I get it. It’s frustrating. We went through this with Ferguson, and Staten Island. Back then, your buddy posted fake pictures of Michael Brown with a gun, and now, she posts fake pictures of looting.
She posts videos of a CVS burning. She doesn’t post the videos of police throwing bricks at children, or the video of a young man literally being kidnapped by armored troops as CNN reporters ignore him. At best, she might post the now-infamous video of the woman smacking her child, calling her a hero — yes, Stacey, the same woman that posted that 10 Reasons Not to Hit your Child listicle last week. But she’s happy to have permission to cheer on the beating of a black child.
To her, broken windows really are worse than broken (black) spines.
It’s strange. All of a sudden, your friends, many of them (but not all) white, have an opinion on black politics.

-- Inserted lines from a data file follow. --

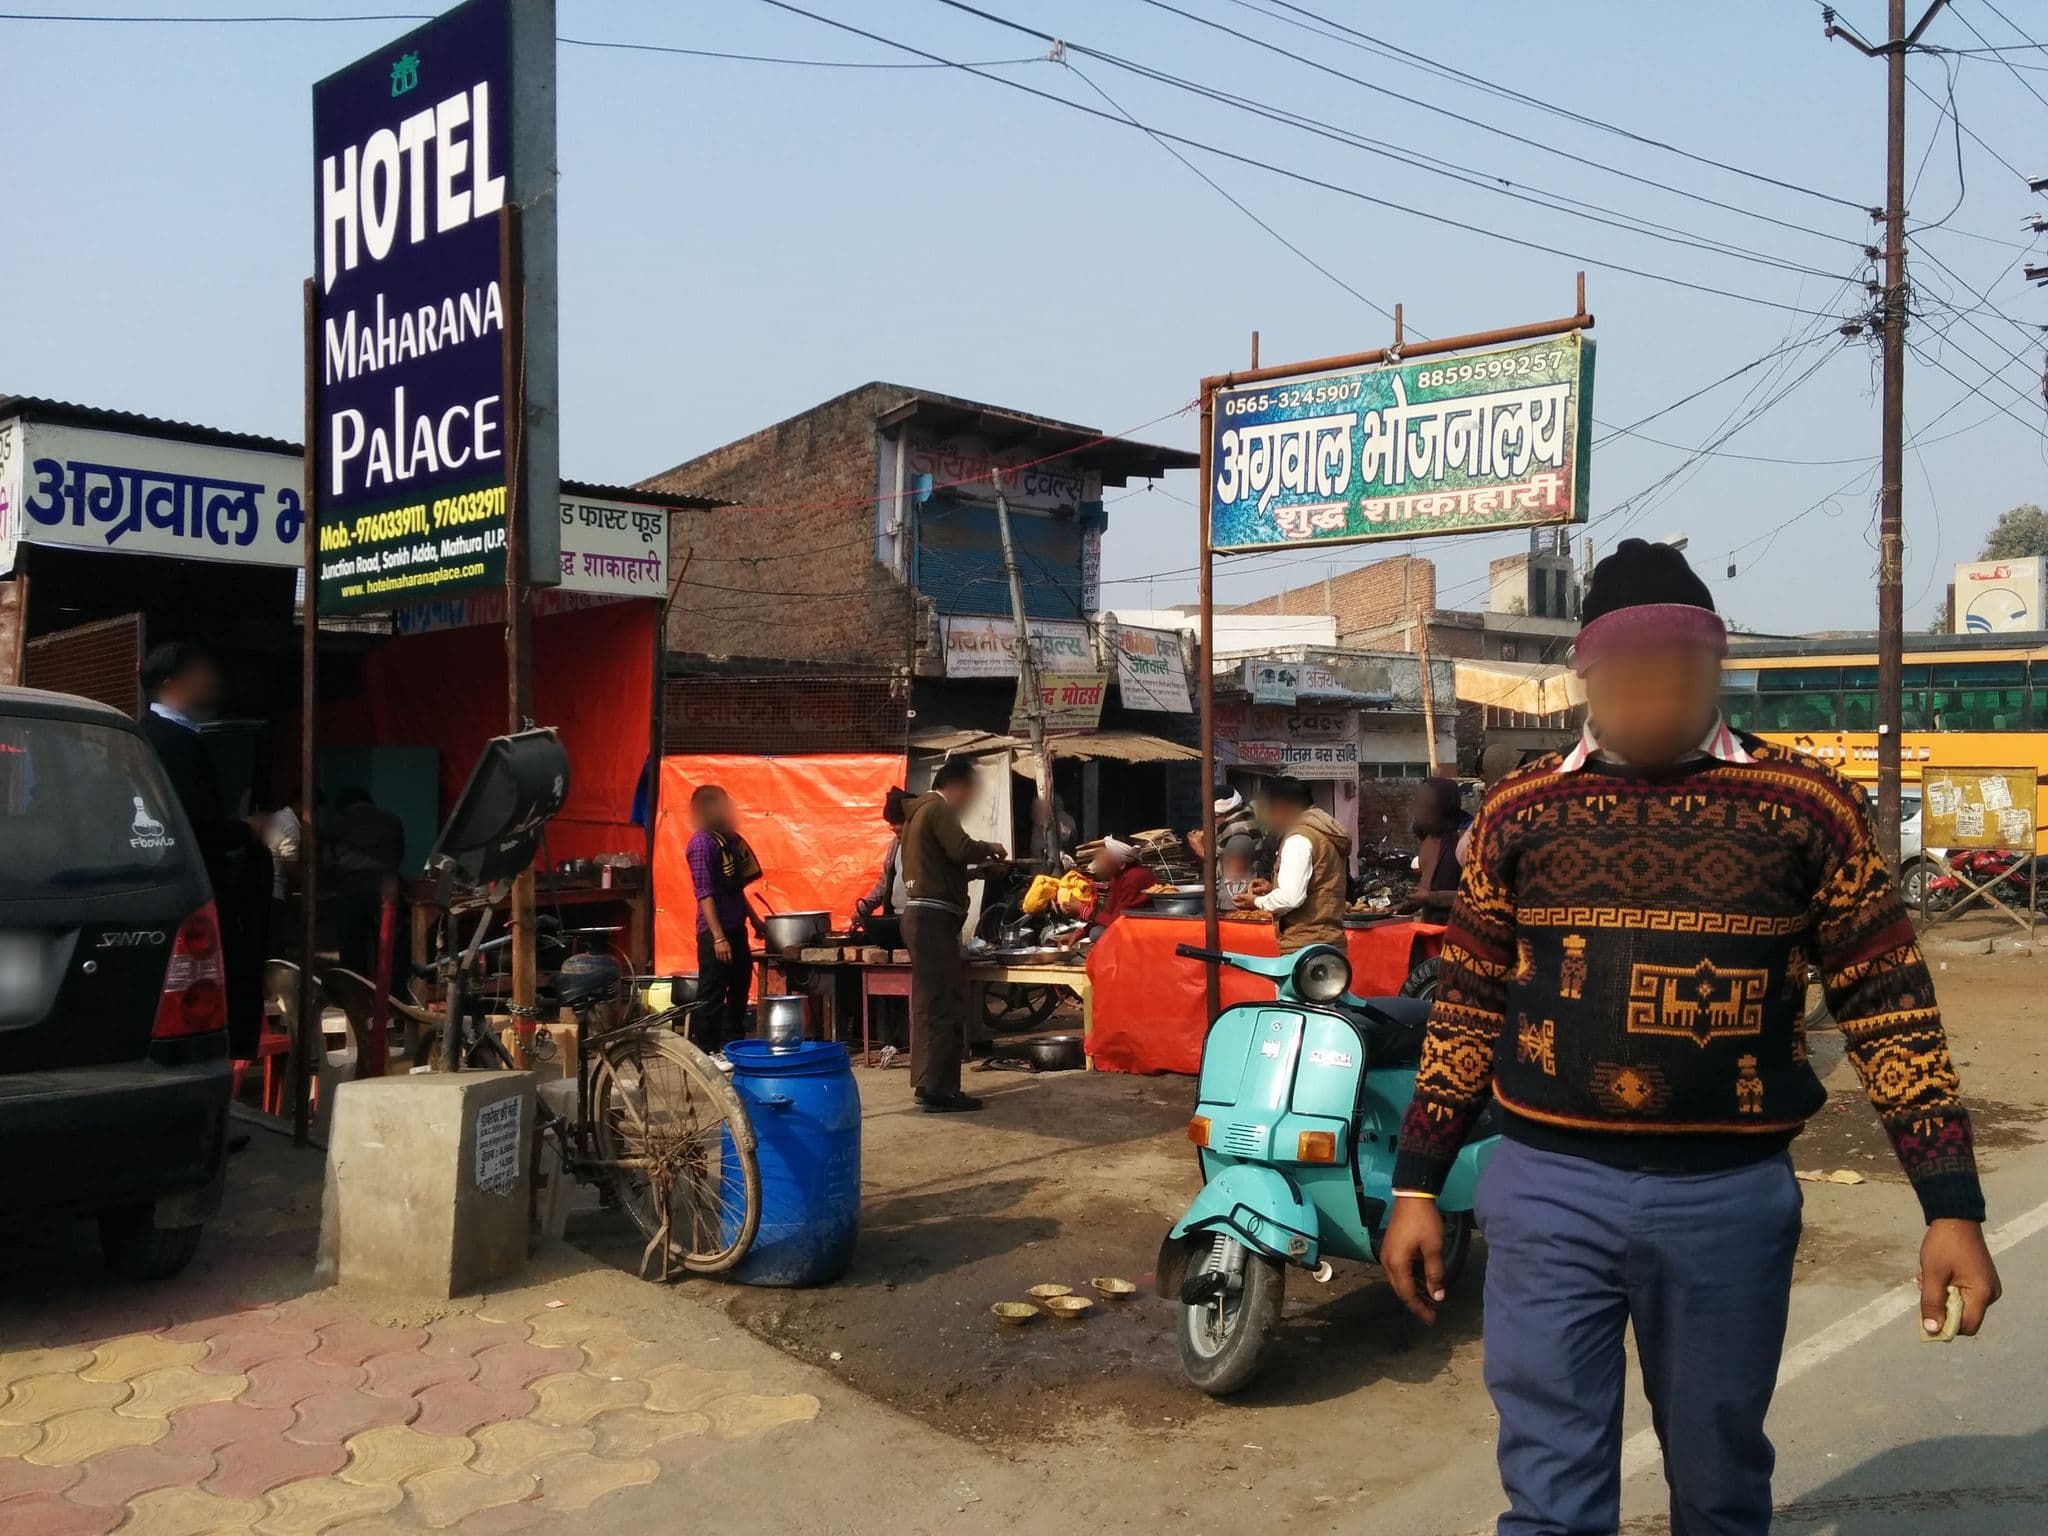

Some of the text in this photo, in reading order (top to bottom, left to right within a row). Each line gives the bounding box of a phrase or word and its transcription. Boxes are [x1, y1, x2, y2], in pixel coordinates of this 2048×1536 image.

[323, 80, 505, 296] HOTEL
[1418, 350, 1564, 389] 8859599257
[1225, 382, 1361, 415] 0565-3245907
[1217, 373, 1571, 517] अग्रवाल भोजनालय
[25, 458, 265, 546] अग्रवाल
[320, 504, 430, 552] Mob.-9760339111,
[433, 486, 507, 529] 976032911
[578, 504, 628, 531] फास्ट
[631, 511, 662, 543] फूड
[1274, 472, 1564, 538] शुद्ध शाकाहारी
[321, 558, 355, 580] Junction
[356, 552, 381, 573] Road,
[441, 535, 482, 558] Mathura
[582, 549, 661, 584] शाकाहारी
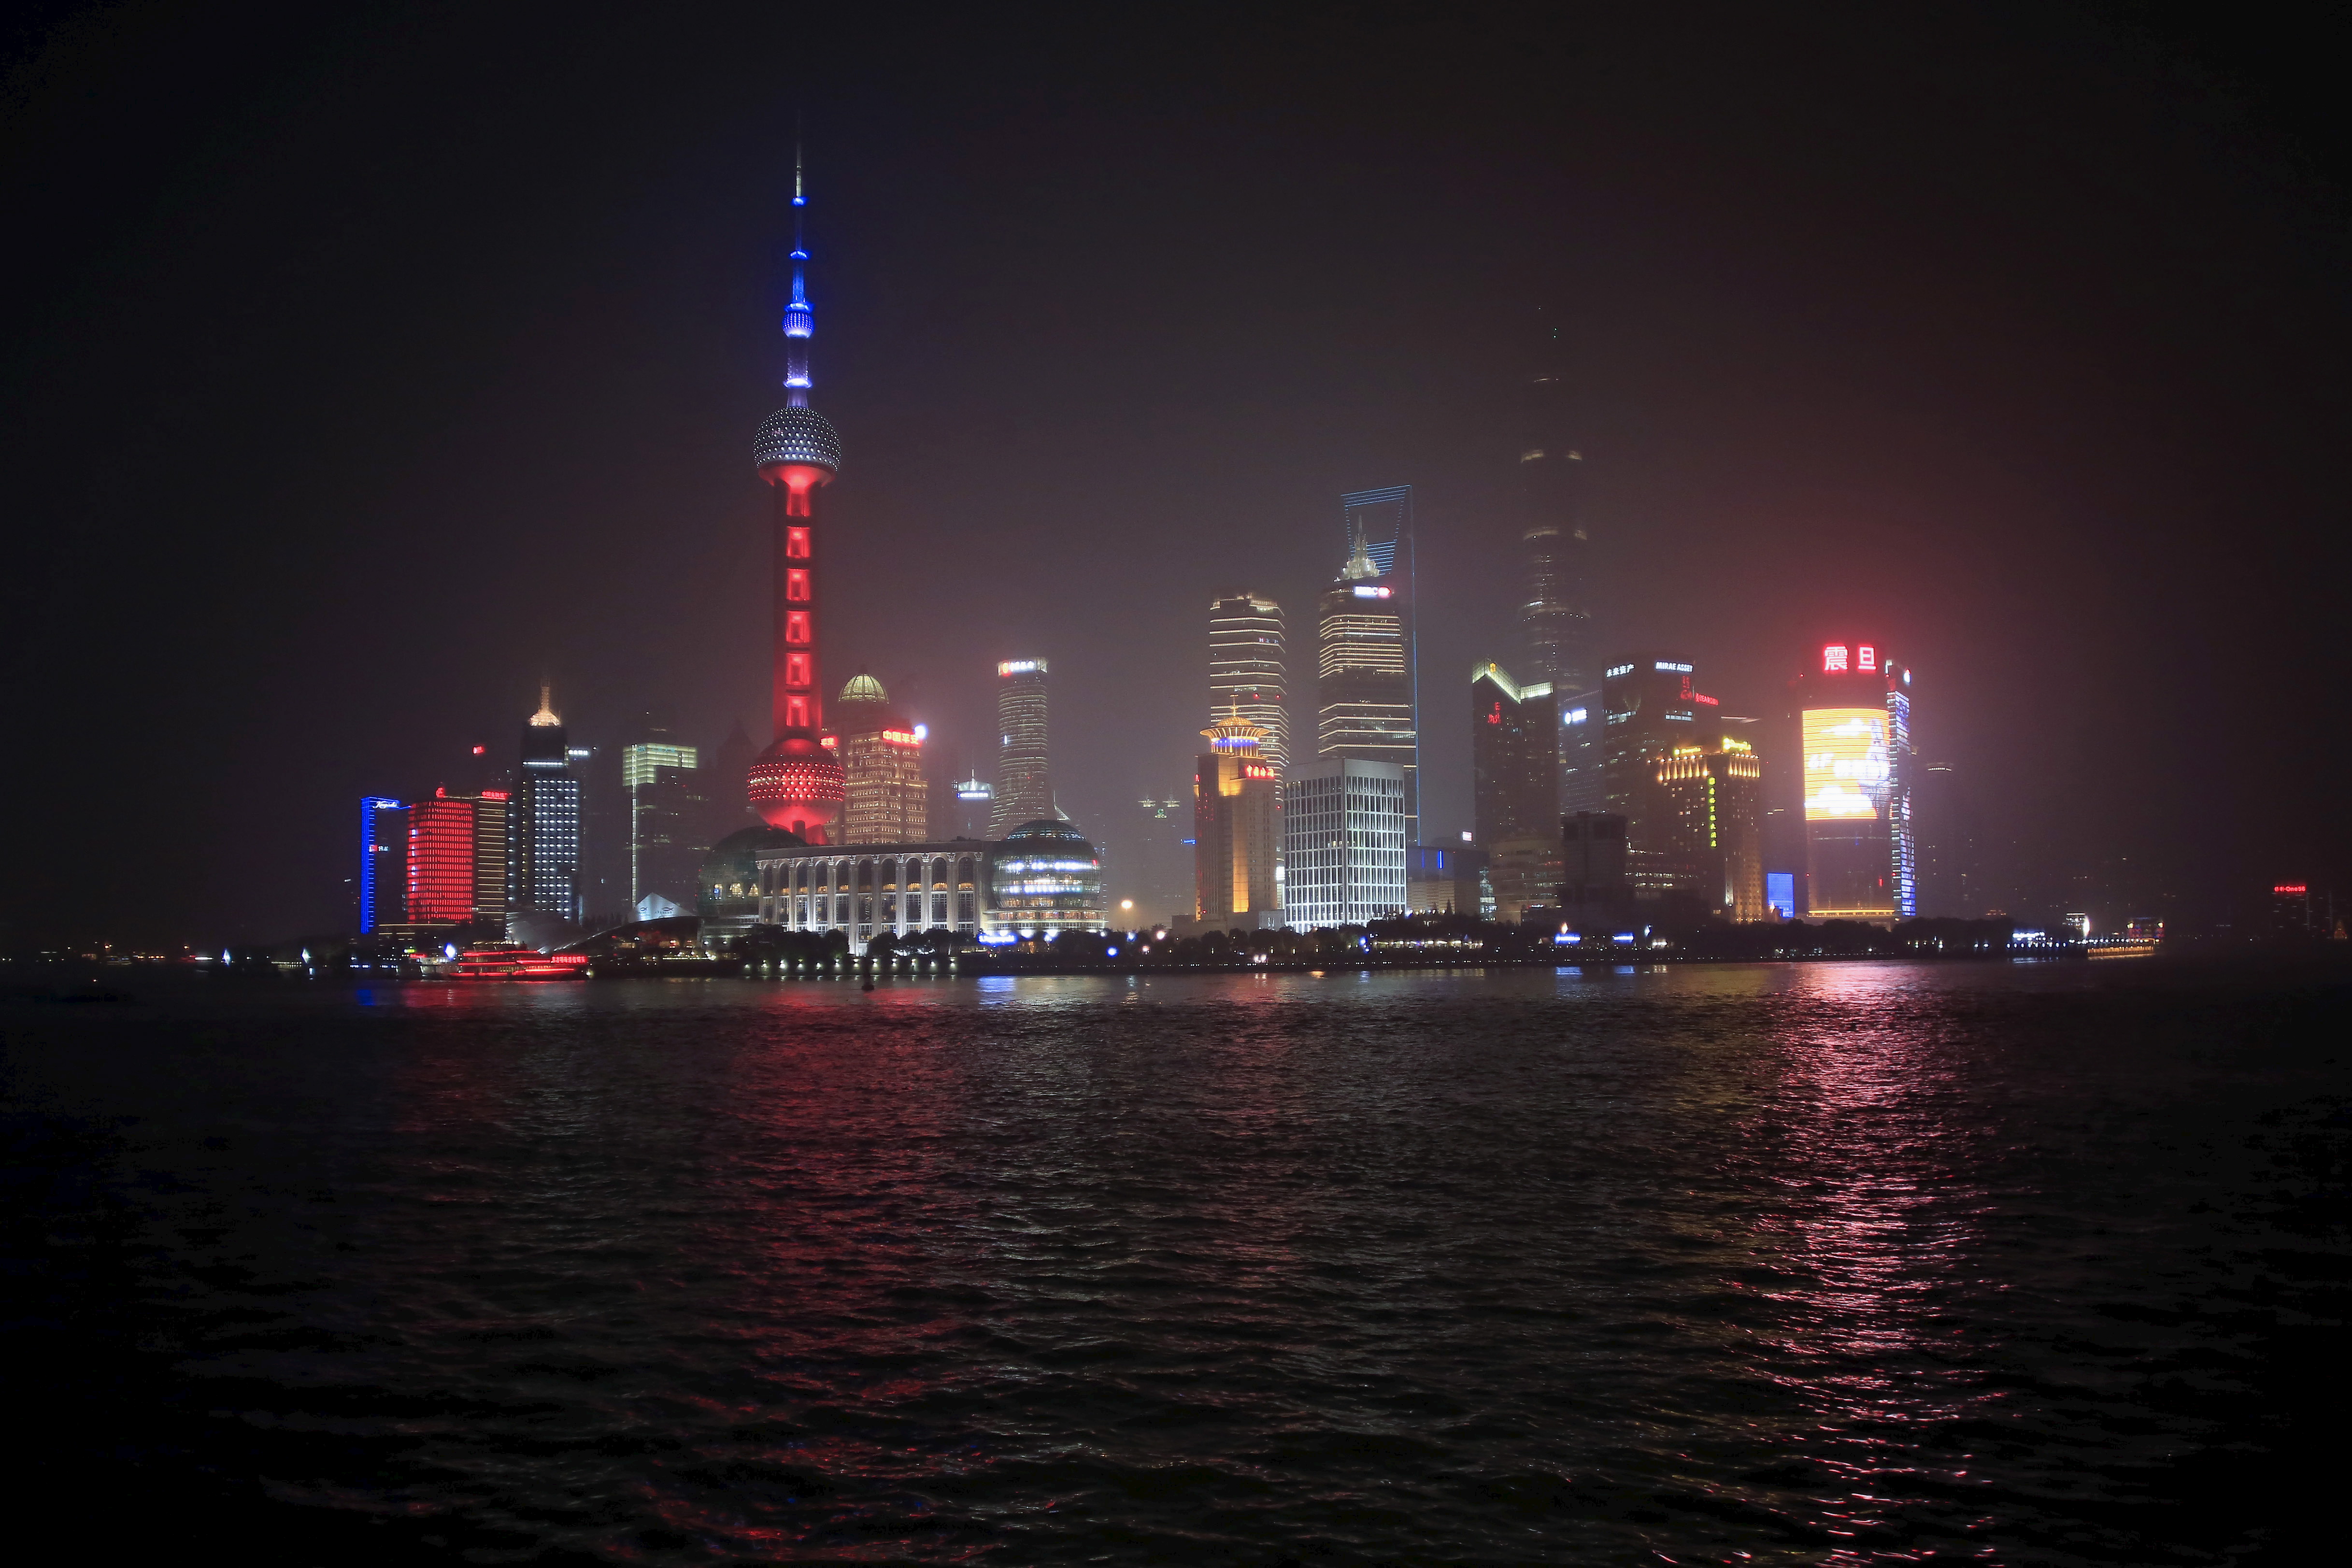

These people — your friends — have never once said anything about Baltimore before Freddie Gray. Poverty did not concern them. Lack of access to healthy food did not concern them. Even police brutality did not concern them, except when it came with a video, because that was free entertainment. But suddenly, they are not only moral authorities, but political strategists and historians: If even one of you people steal something, it will ruin your cause – can’t you see that? You’ve got to police your own. Isn’t this rap music’s fault? Can’t you be like Dr. King? He never inconvenienced people’s daily commutes.
It’s a bizarre kind of Monday Morning quarterbacking – except instead of wannabe athletes, they become wannabe political leaders of a movement they don’t even support.
We know what their true thoughts are. Their feeling for us — and by ‘us’ I do not only mean black people — is somewhere between angry disinterest and hatred. They say that they are not racists, but we know better. We know that the word ‘racist’ does not only apply to the man holding the rope around the black man’s neck in those
old postcards of public hangings.
It also applies to the spectators who point at the body as it swings in the air. It also applies to the people at home, not pictured, who don’t attend the festivities, but would rather not think about them.
That is, we know that the violence of racism doesn’t always come with the throw of a noose and the cock of a gun. Sometimes, it comes with a shrug of the shoulders, and a click of the tongue. But, they have a point when they complain about the rioting and say that violence will not solve violence. Violence is not the answer here. We can’t allow ourselves to sink to their level.
What is happening in Baltimore is the result of America turning its back on its own. It is violence of willful ignorance that we cannot afford to imitate. There can be no ‘safe space’ for us, until all spaces are safe. If we aren’t safe in the courtrooms or in the streets, we can’t pretend to be safe online.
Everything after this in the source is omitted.